In 2014 I joined other journalists in Germany for the SF’s debut — though it was then hailed as a birding binocular. Said chief engineer Gerald Dobler, “Optical design forces trade-offs. In the SF our priorities were razor-sharp resolution, a wide, exceedingly bright field and smooth, fast focusing. Light weight mattered too — and balance that made the binocular feel lighter still.” The final objective: low price. Hoo boy.

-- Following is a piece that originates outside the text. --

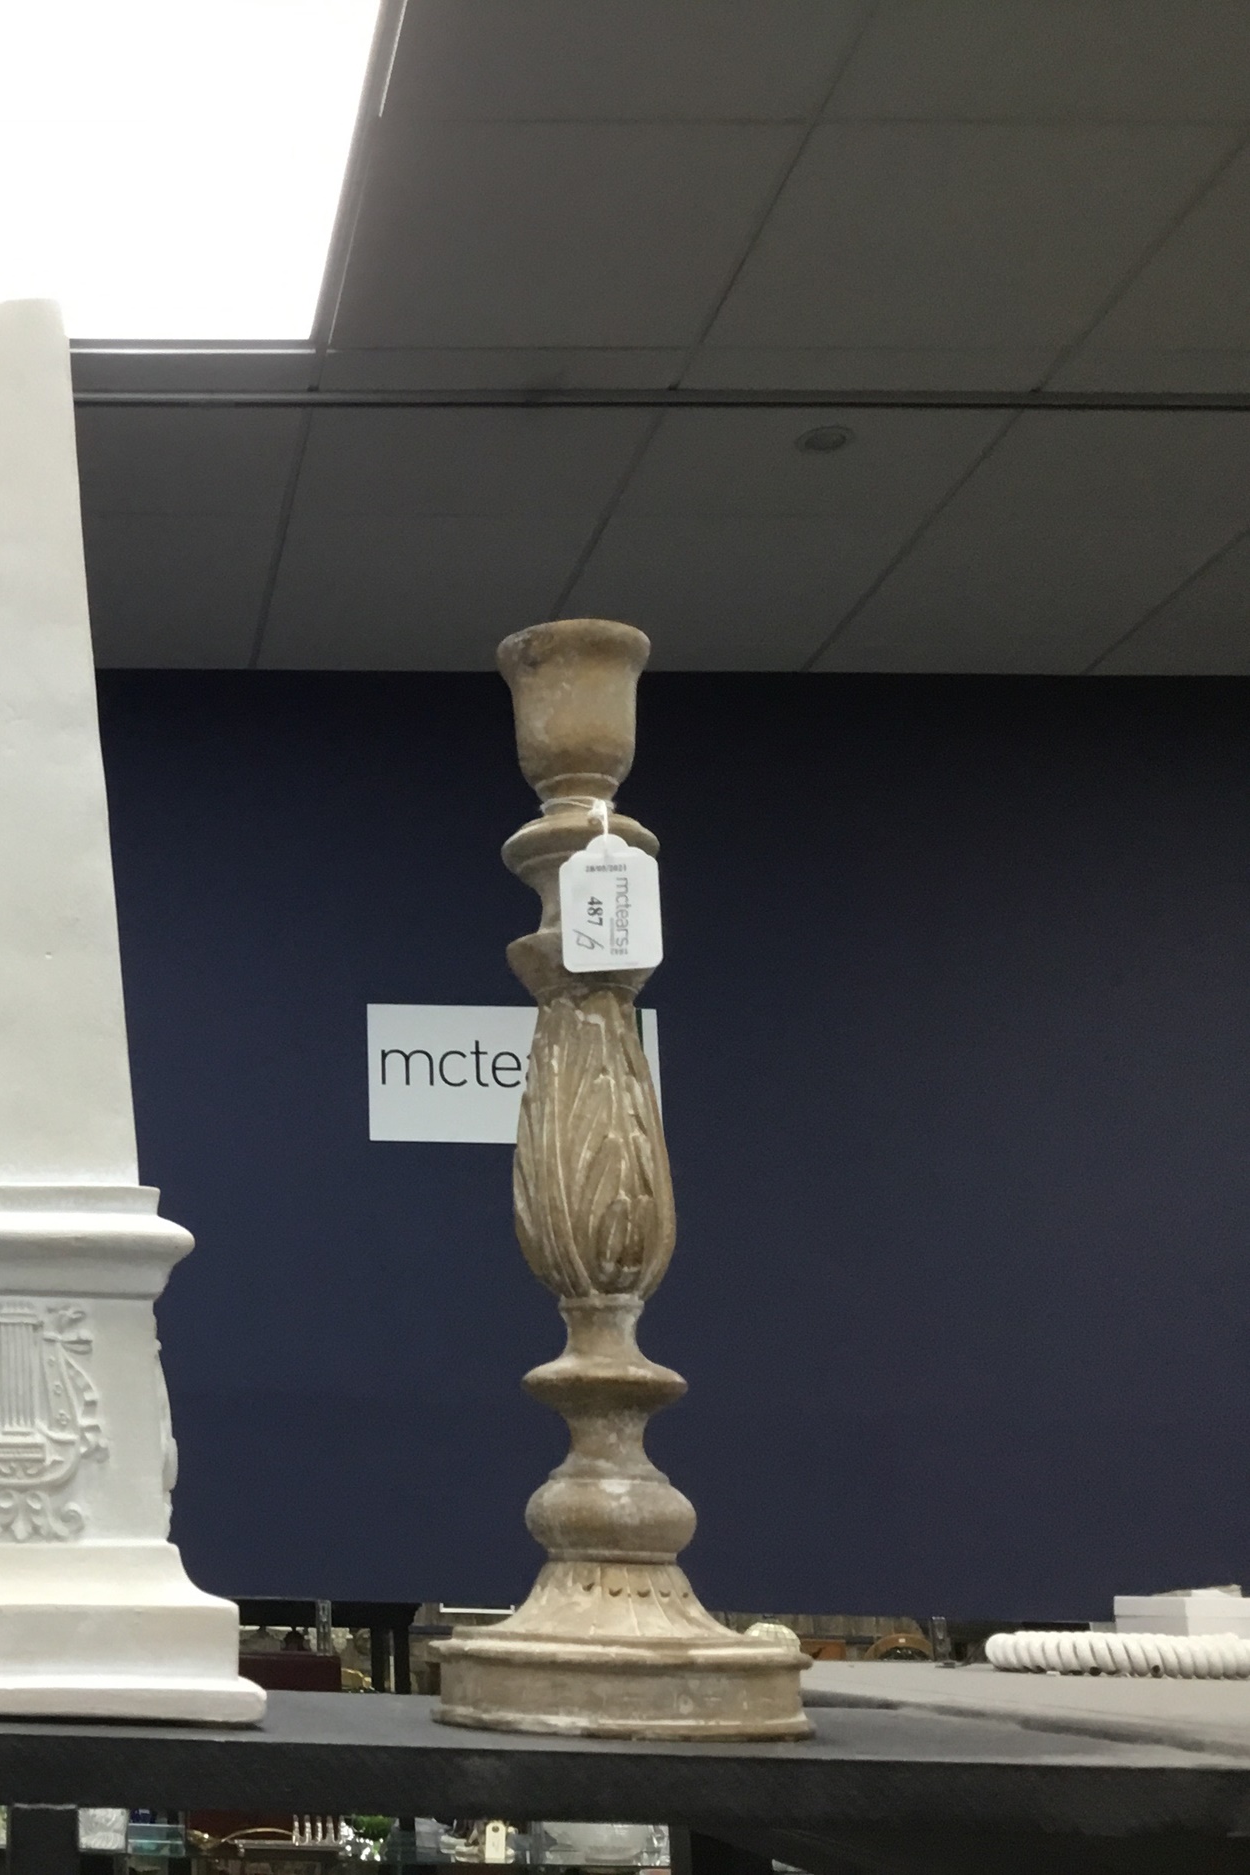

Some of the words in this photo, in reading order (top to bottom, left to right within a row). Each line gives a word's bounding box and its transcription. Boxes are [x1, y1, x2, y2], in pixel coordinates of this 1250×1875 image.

[587, 895, 604, 927] 487
[615, 876, 632, 948] mctears
[380, 1040, 533, 1089] mcte

The 8×42’s 1,000-yard field of 444 feet (360 feet for the 10×42) was panoramic. But adding field can compromise edge resolution, so Zeiss added a field flattener which bumped weight to 27.5 oz. There was 15% more open space between the barrels than in the center of Swarovski’s EL, which pioneered the open-bridge design. Also, the barrels had three points of attachment: front, rear and center — collimation insurance when binocular bangs against basalt.

“We tried hard to keep a lid on costs,” Dobler told me. “But superior performance doesn’t come at discount.” The 8×42 SF listed then at $2,649.

A decade later, the 8×42 SF still ranks among my first picks for a mid-size binocular. The new, more compact 8×30 and 10×30 SFLs are equally bright and well balanced. A grand less at retail ($1,631 and $1,685), they seem to me great investments in better hunting! Amortized over even 16 years, either puts you in the field with a lightweight, tuckable, premium-class binocular for about $100 a year — what you’ll spend most places these days to fuel an ordinary pickup once.